Directions for this task:
Transcribe the entries that follow, every word as written, and drop the pictures.

________________

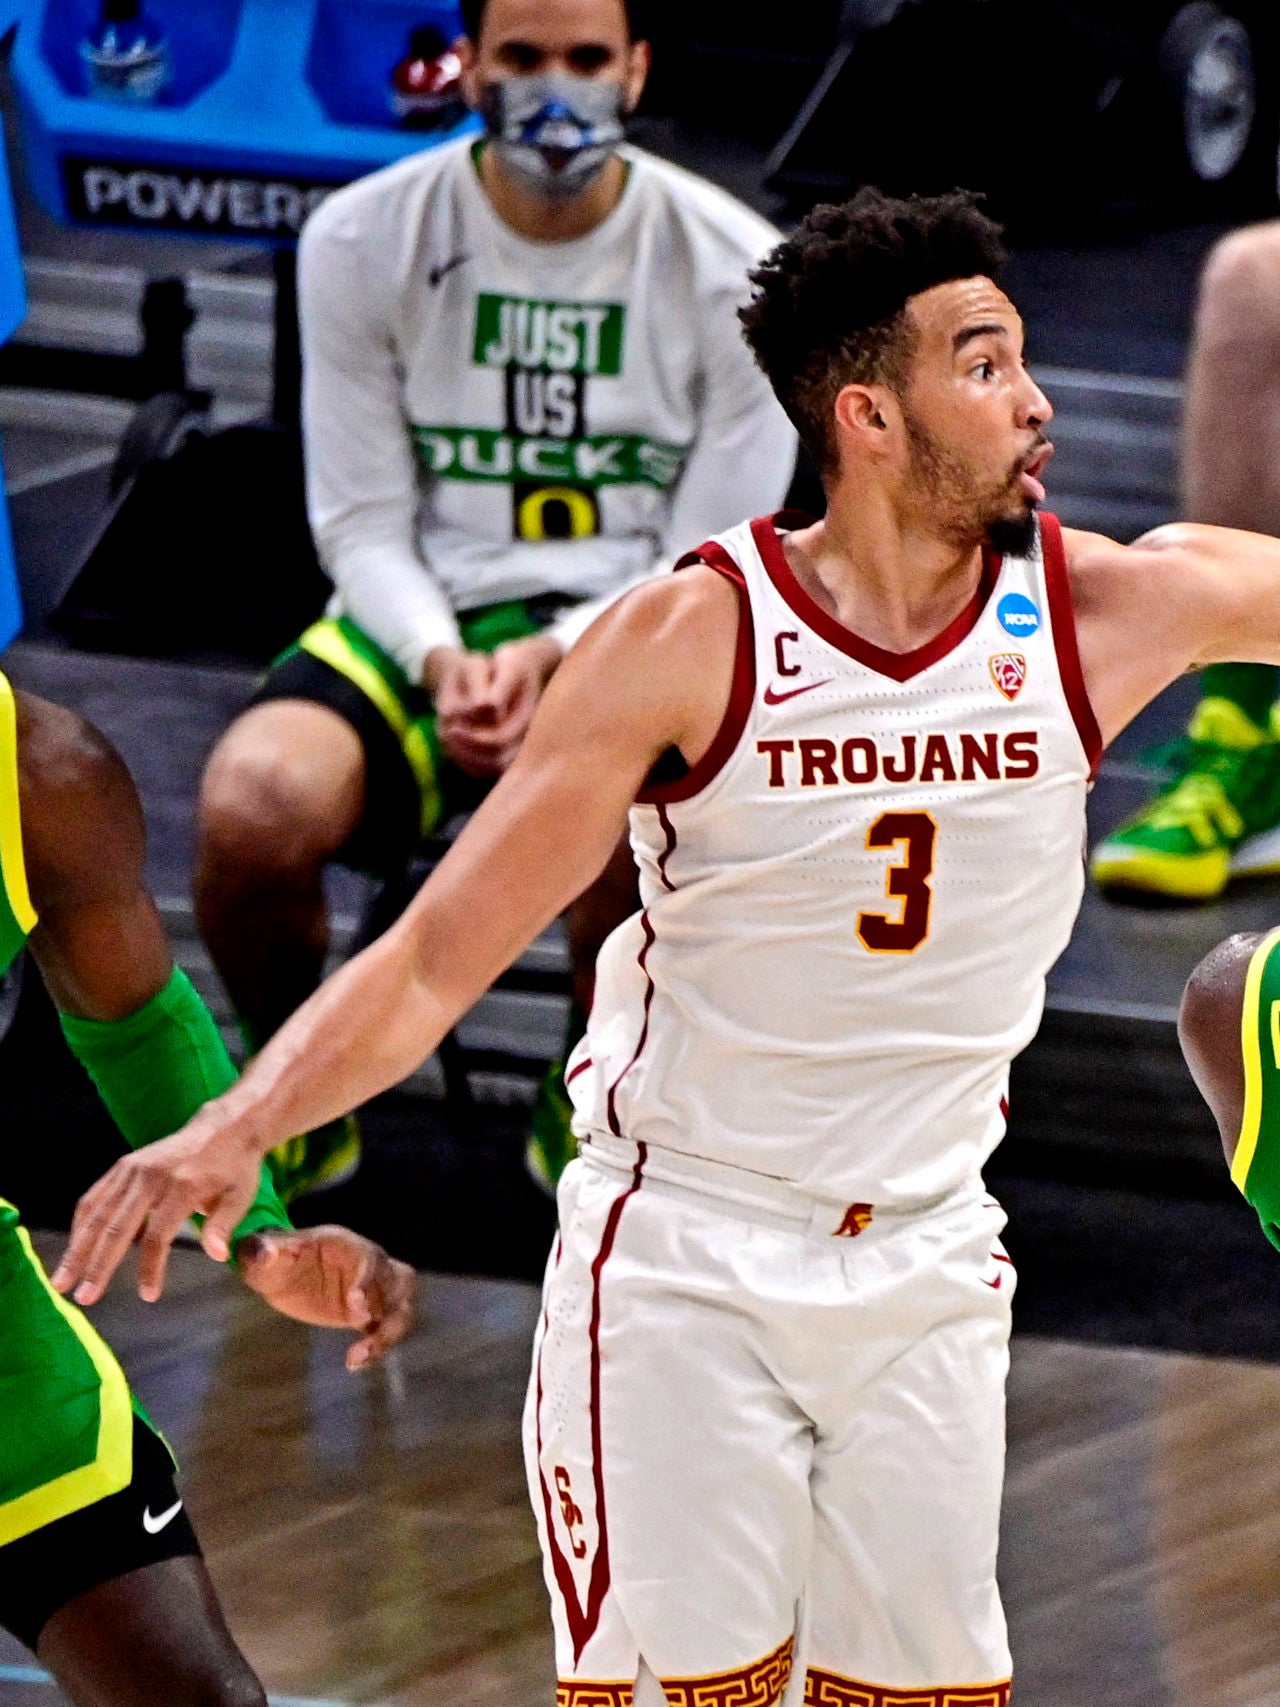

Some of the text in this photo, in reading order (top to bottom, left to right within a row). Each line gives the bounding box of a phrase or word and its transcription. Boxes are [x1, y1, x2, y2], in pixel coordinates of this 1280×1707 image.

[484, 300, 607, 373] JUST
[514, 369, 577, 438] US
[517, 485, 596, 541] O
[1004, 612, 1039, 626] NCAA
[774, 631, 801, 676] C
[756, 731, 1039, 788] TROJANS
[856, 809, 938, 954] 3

________________

Answer for the task:
Some of the text in this photo, in reading order (top to bottom, left to right within a row). Each line gives the bounding box of a phrase or word and its transcription. Boxes are [x1, y1, x2, y2], in pixel coordinates of this 1280×1707 image.

[484, 300, 607, 373] JUST
[514, 369, 577, 438] US
[517, 485, 596, 541] O
[1004, 612, 1039, 626] NCAA
[774, 631, 801, 676] C
[756, 731, 1039, 788] TROJANS
[856, 809, 938, 954] 3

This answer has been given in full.